_Stored items from a collection_.
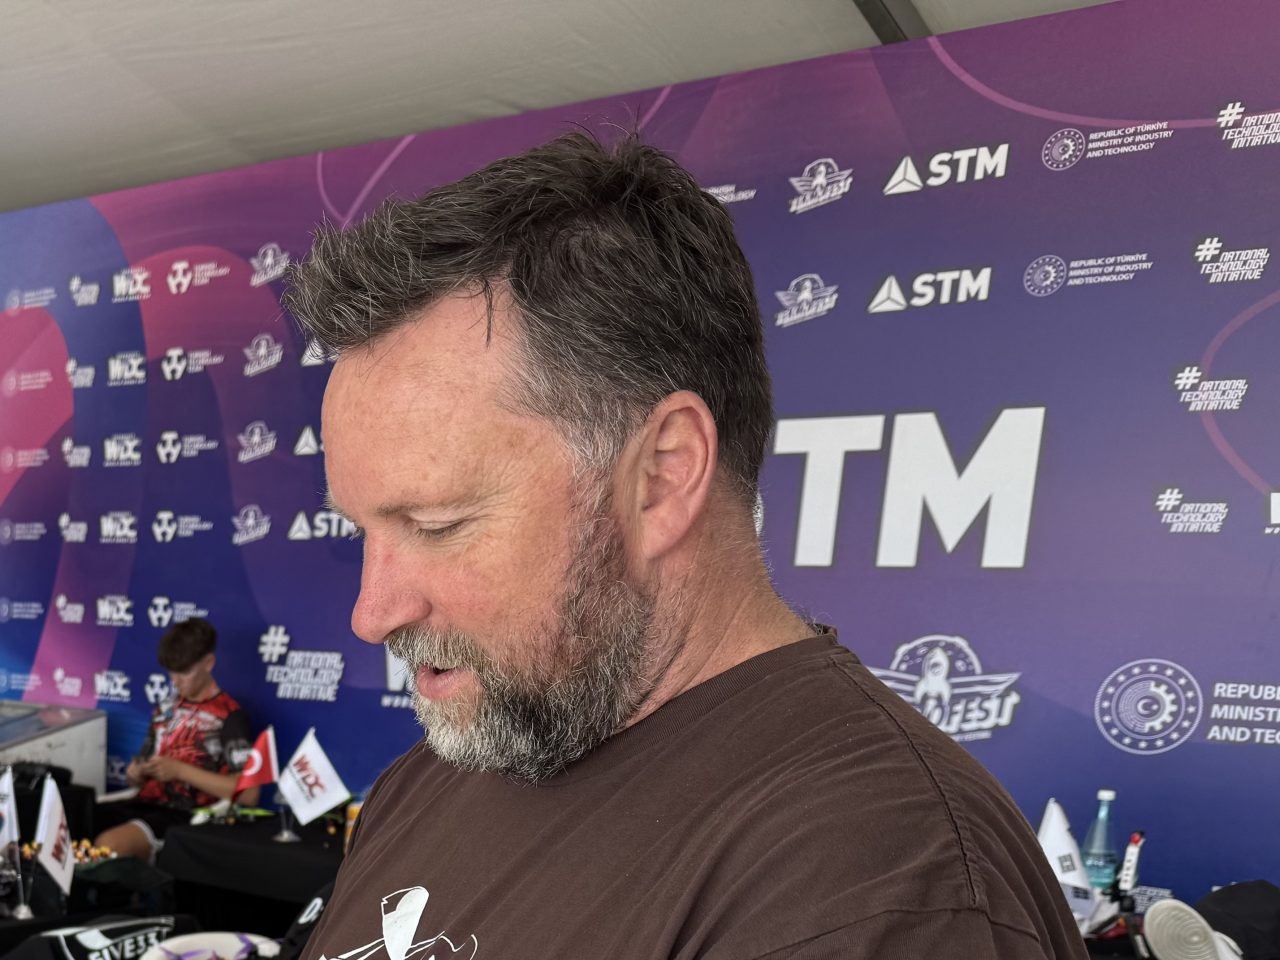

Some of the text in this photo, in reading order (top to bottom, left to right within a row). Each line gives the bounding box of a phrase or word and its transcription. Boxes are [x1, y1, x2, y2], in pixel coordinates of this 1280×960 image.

[1088, 130, 1174, 149] MINISTRY OF INDUSTRY
[1089, 129, 1125, 140] REPUBLIC
[1125, 127, 1136, 135] OF
[1086, 142, 1155, 158] AND TECHNOLOGY
[926, 143, 1009, 187] STM
[1219, 248, 1270, 263] NATIONAL
[1200, 259, 1267, 274] TECHNOLOGY
[1209, 269, 1264, 283] INITIATIVE
[910, 266, 992, 307] STM
[1198, 379, 1248, 392] NATIONAL
[1180, 389, 1245, 402] TECHNOLOGY
[1188, 399, 1242, 411] INITIATIVE
[770, 407, 1046, 567] TM
[1207, 725, 1251, 742] AND

_Required action_. These entries are to be printed again word for word, except for the pictures.

_Task response_.
Some of the text in this photo, in reading order (top to bottom, left to right within a row). Each line gives the bounding box of a phrase or word and its transcription. Boxes are [x1, y1, x2, y2], in pixel coordinates of this 1280×960 image.

[1088, 130, 1174, 149] MINISTRY OF INDUSTRY
[1089, 129, 1125, 140] REPUBLIC
[1125, 127, 1136, 135] OF
[1086, 142, 1155, 158] AND TECHNOLOGY
[926, 143, 1009, 187] STM
[1219, 248, 1270, 263] NATIONAL
[1200, 259, 1267, 274] TECHNOLOGY
[1209, 269, 1264, 283] INITIATIVE
[910, 266, 992, 307] STM
[1198, 379, 1248, 392] NATIONAL
[1180, 389, 1245, 402] TECHNOLOGY
[1188, 399, 1242, 411] INITIATIVE
[770, 407, 1046, 567] TM
[1207, 725, 1251, 742] AND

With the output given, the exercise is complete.